(AIM OF THE EXERCISE): Please restate the data that follows word for word, with the pictures left out.
─── INPUT ───
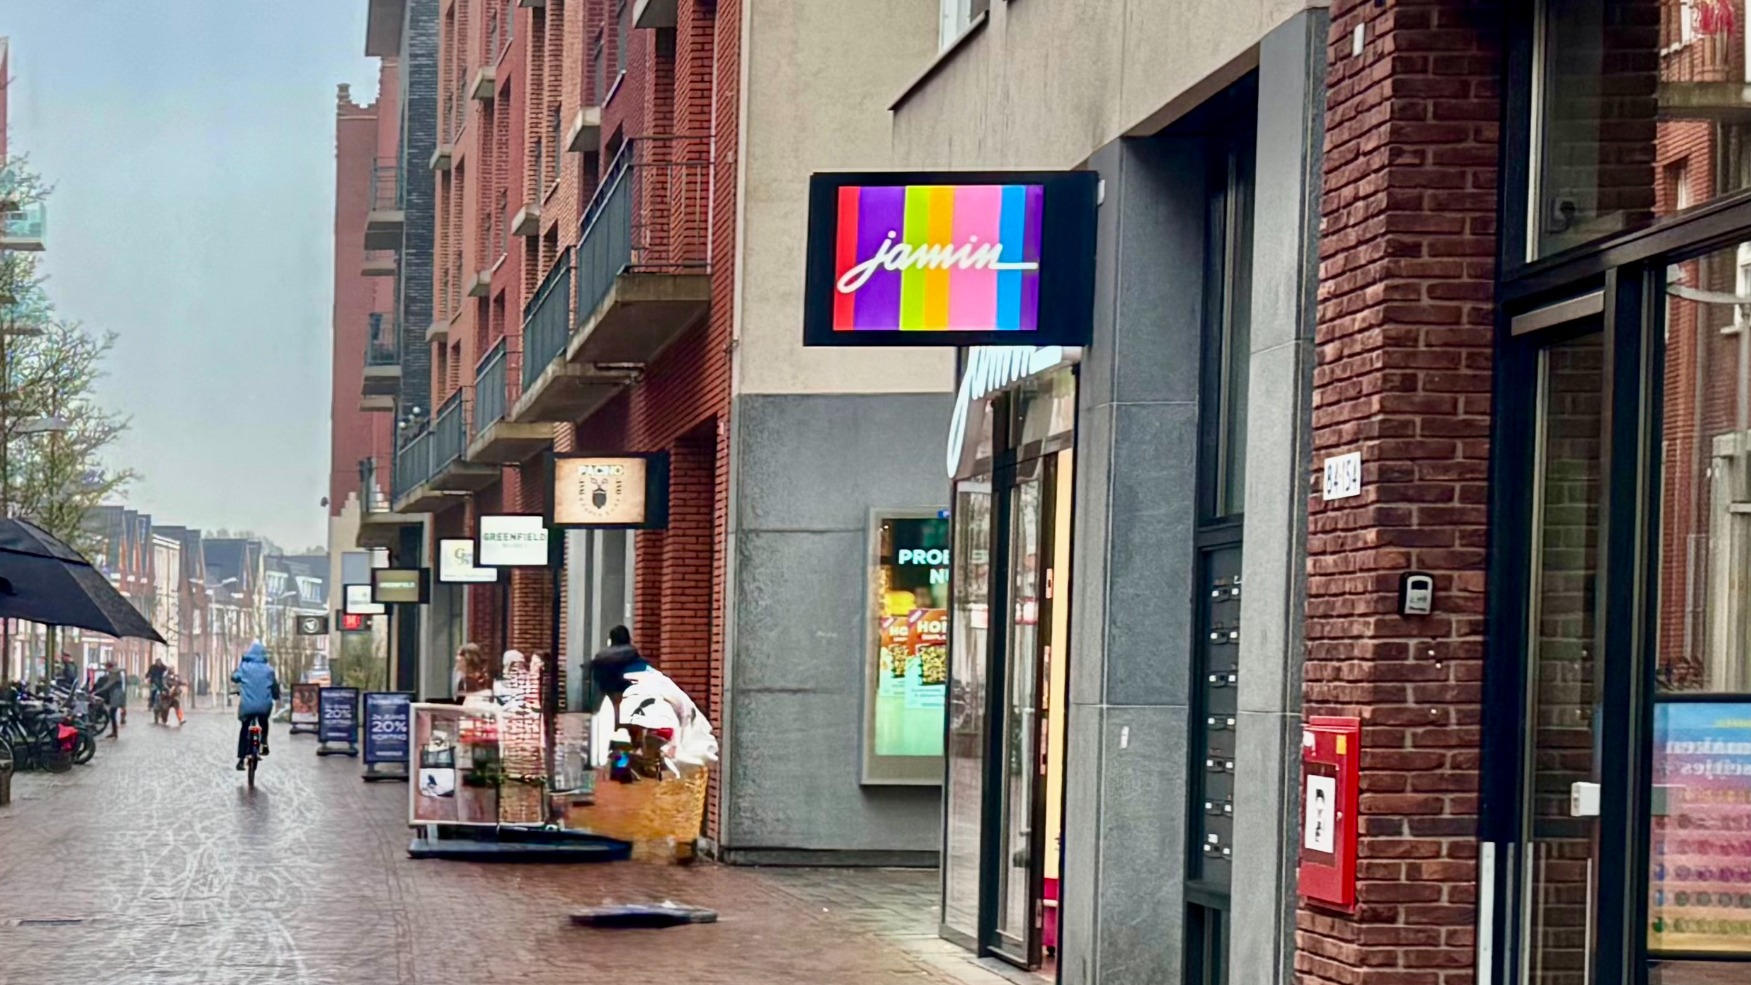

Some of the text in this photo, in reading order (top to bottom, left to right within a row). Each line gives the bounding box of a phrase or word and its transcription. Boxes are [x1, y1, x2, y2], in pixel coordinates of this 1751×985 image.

[837, 231, 1038, 293] jamin
[483, 532, 546, 542] GREENFIELD
[325, 709, 352, 719] 20%
[371, 721, 408, 732] 20%
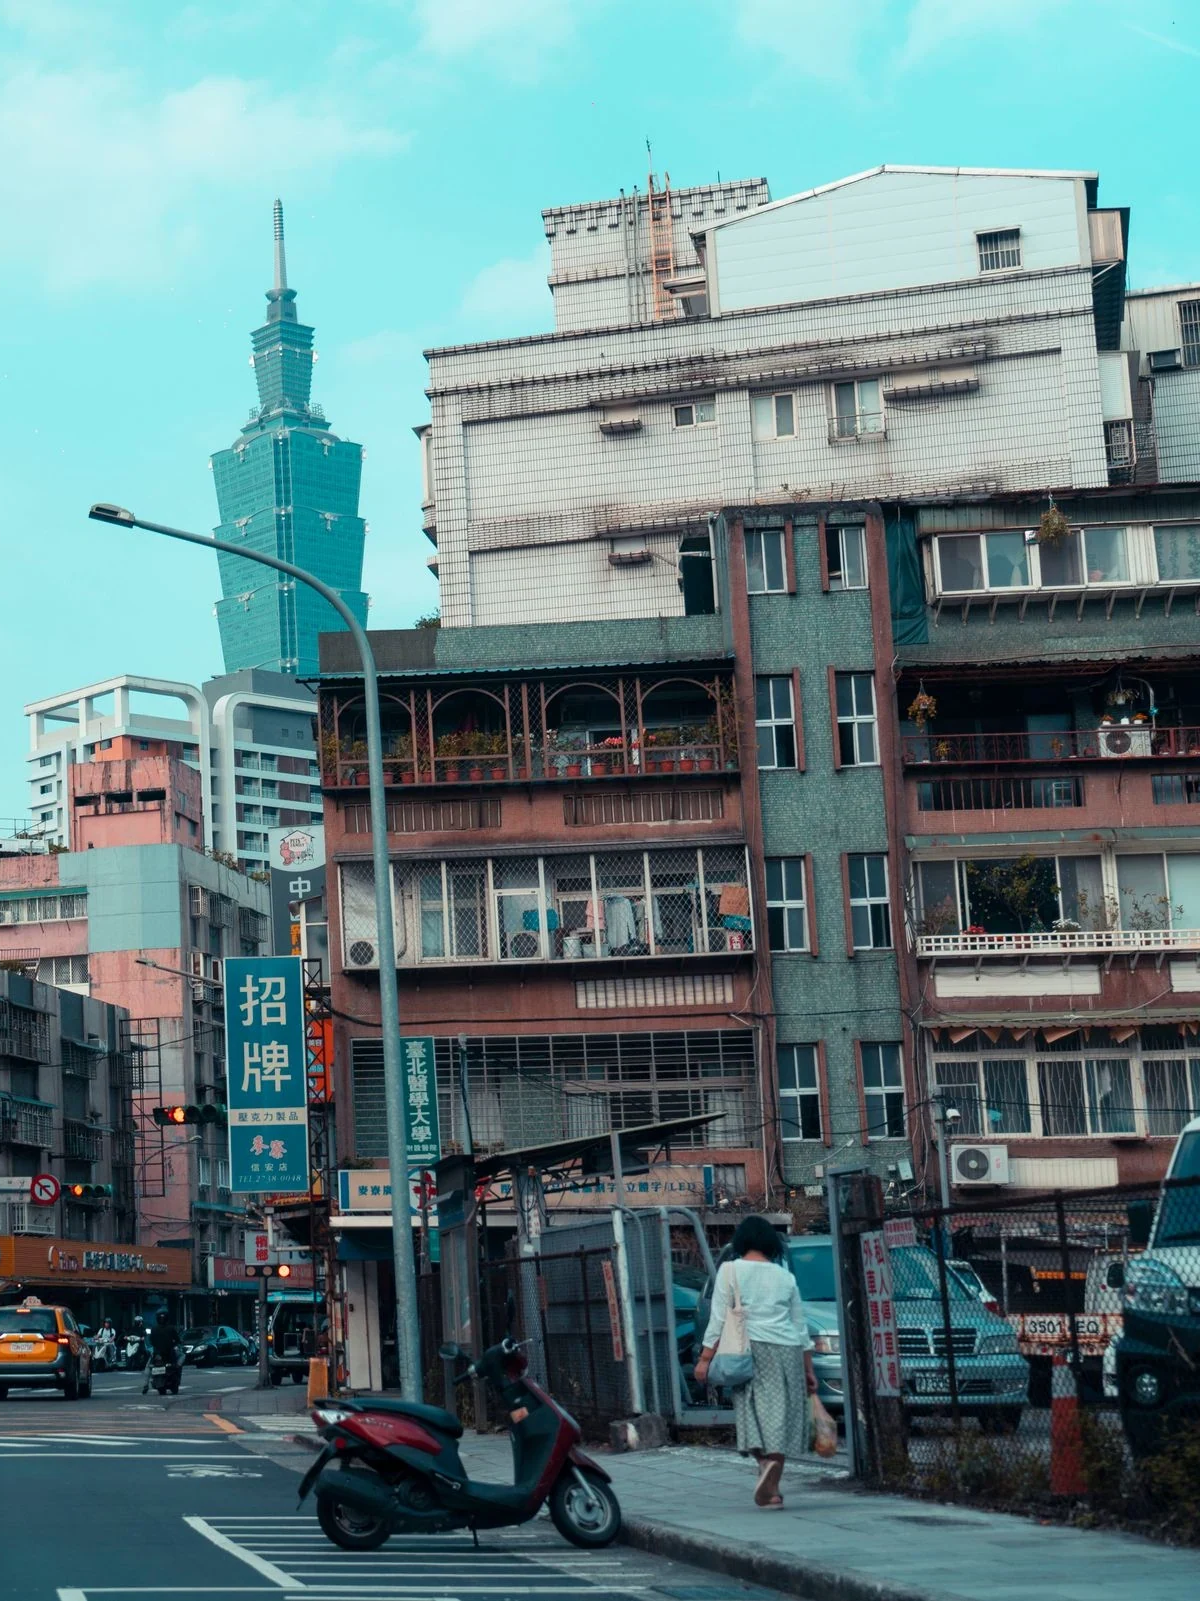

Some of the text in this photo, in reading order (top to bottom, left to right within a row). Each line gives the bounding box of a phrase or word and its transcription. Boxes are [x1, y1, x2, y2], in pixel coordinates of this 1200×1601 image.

[239, 974, 292, 1093] 招牌
[405, 1041, 432, 1143] 臺北醫學大學
[238, 1112, 299, 1123] 壓克力製品
[251, 1162, 288, 1172] 信安店
[1029, 1320, 1099, 1334] 3501EQ
───
(OUTPUT OF THE EXERCISE):
Some of the text in this photo, in reading order (top to bottom, left to right within a row). Each line gives the bounding box of a phrase or word and its transcription. Boxes are [x1, y1, x2, y2], in pixel coordinates of this 1751×985 image.

[837, 231, 1038, 293] jamin
[483, 532, 546, 542] GREENFIELD
[325, 709, 352, 719] 20%
[371, 721, 408, 732] 20%

Some of the text in this photo, in reading order (top to bottom, left to right within a row). Each line gives the bounding box of a phrase or word and its transcription. Boxes are [x1, y1, x2, y2], in pixel coordinates of this 1200×1601 image.

[239, 974, 292, 1093] 招牌
[405, 1041, 432, 1143] 臺北醫學大學
[238, 1112, 299, 1123] 壓克力製品
[251, 1162, 288, 1172] 信安店
[1029, 1320, 1099, 1334] 3501EQ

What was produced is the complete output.